Im Übrigen bestehen gegen die Festsetzung der Gebührenhöhe in der Entscheidung der Vorinstanz keine Bedenken. Nach § 3 Abs. 1 S. 1 RVG entstehen in Verfahren vor den Gerichten der Sozialgerichtsbarkeit, in denen das Gerichtskostengesetz (GKG) nicht anzuwenden ist, Beitragsrahmengebühren, die dem im Wege der Prozesskostenhilfe beigeordneten Rechtsanwalt aus der Landeskasse zu erstatten sind (§ 45 Abs. 1 RVG). Das Sozialgericht hatte den Klägern mit Beschluss vom 1. Dezember 2010 Prozesskostenhilfe gewährt. Sie waren auch kostenprivilegierte Beteiligte i.S.d. § 183 S. 1 SGG. Damit scheidet die Anwendung des GKG aus (§ 197a Abs. 1 S. 1 SGG). Die Höhe der Vergütung errechnet sich nach dem Vergütungsverzeichnis (VV) der Anlage 1 zum RVG. Die Höhe der Rahmengebühr bestimmt nach § 14 Abs. 1 RVG der Rechtsanwalt im Einzelfall unter Berücksichtigung aller Umstände, vor allem des Umfangs und der Schwierigkeit der anwaltlichen Tätigkeit, der Bedeutung der Angelegenheit sowie der Einkommens- und Vermögensverhältnisse des Auftraggebers nach billigem Ermessen (Satz 1); bei Rahmengebühren ist das Haftungsrisiko zu berücksichtigen (Satz 3). Ist die Gebühr von einem Dritten zu ersetzen, ist die von dem Rechtsanwalt getroffene Bestimmung nicht verbindlich, wenn sie unbillig ist (Satz 4), wobei ihm nach allgemeiner Meinung ein Spielraum (sogenannte Toleranzgrenze) von 20 v.H. zusteht (vgl. BSG, Urteil vom 1. Juli 2009 - B 4 AS 21/09 R m.w.N., nach juris; ständige Senatsrechtsprechung, vgl. u.a. Beschluss vom 26. November 2008 - L 6 B 130/08 SF). Unbilligkeit liegt vor, wenn der Rechtsanwalt die Kriterien des § 14 Abs. 1 S. 1 RVG unter Beachtung des Beurteilungsspielraums objektiv nicht hinreichend beachtet (vgl. Senatsbeschluss 14. Februar 2011 - L 6 SF 1376/10 B); dann erfolgt - wie hier - eine Festsetzung nur in Höhe der angemessenen Gebühren.

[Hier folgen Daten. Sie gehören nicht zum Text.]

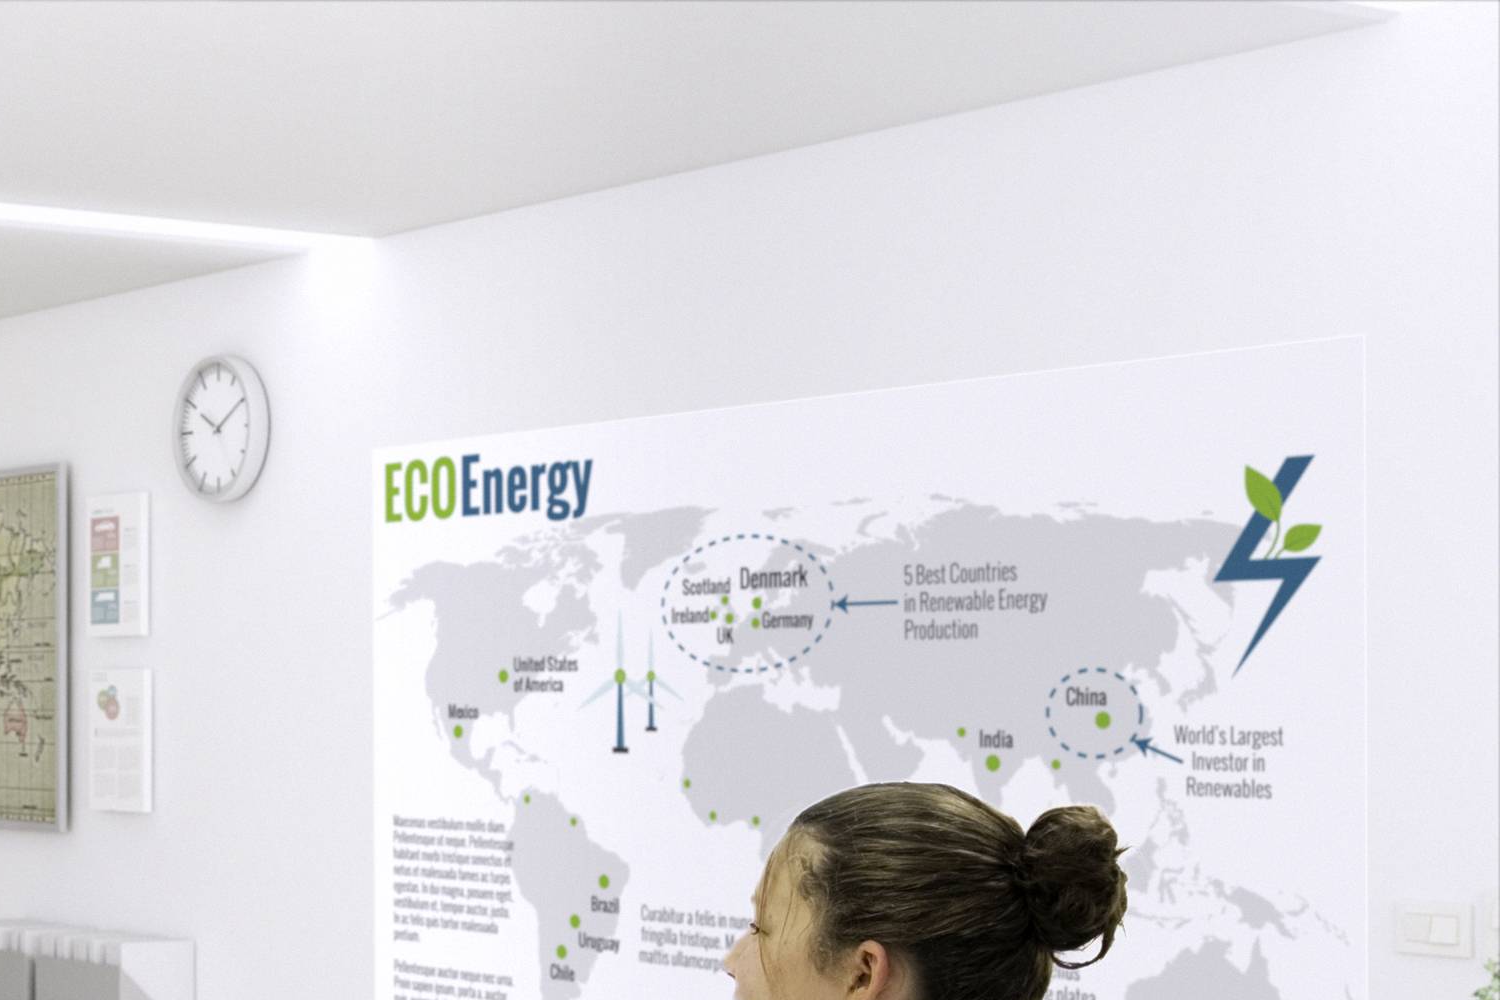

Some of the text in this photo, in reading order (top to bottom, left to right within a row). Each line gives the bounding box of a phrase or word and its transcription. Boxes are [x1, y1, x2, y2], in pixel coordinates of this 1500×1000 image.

[385, 452, 593, 522] ECOEnergy
[740, 566, 808, 590] Denmark
[904, 561, 1018, 584] 5 Best Countries
[682, 576, 731, 597] Scotland
[904, 590, 1048, 613] in Renewable Energy
[671, 606, 709, 625] Ireland
[762, 610, 814, 631] Germany
[717, 627, 734, 645] UK
[904, 619, 978, 641] Production
[513, 655, 578, 673] United States
[513, 676, 564, 693] of America
[1066, 686, 1107, 707] China
[448, 703, 479, 720] Mexico
[979, 730, 1014, 749] India
[1174, 725, 1283, 748] World's Largest
[1192, 751, 1265, 772] Investor in
[1186, 778, 1272, 800] Renewables
[591, 896, 620, 914] Brazil
[578, 932, 620, 954] Uruguay
[550, 963, 576, 982] Chile

Im Erinnerungsverfahren hat sich die Beschwerdeführerin allerdings auch gegen die Höhe der festgesetzten Verfahrensgebühr Nr. 3103, 3102 VV-RVG gewandt. Die festgesetzte halbe Mittelgebühr (85,00 Euro) ist im Ergebnis angemessen. Der Umfang der anwaltlichen Tätigkeit war erheblich unterdurchschnittlich. Abgestellt wird auf den zeitlichen Aufwand, den der Rechtsanwalt im Vergleich mit den übrigen beim Sozialgericht anhängigen...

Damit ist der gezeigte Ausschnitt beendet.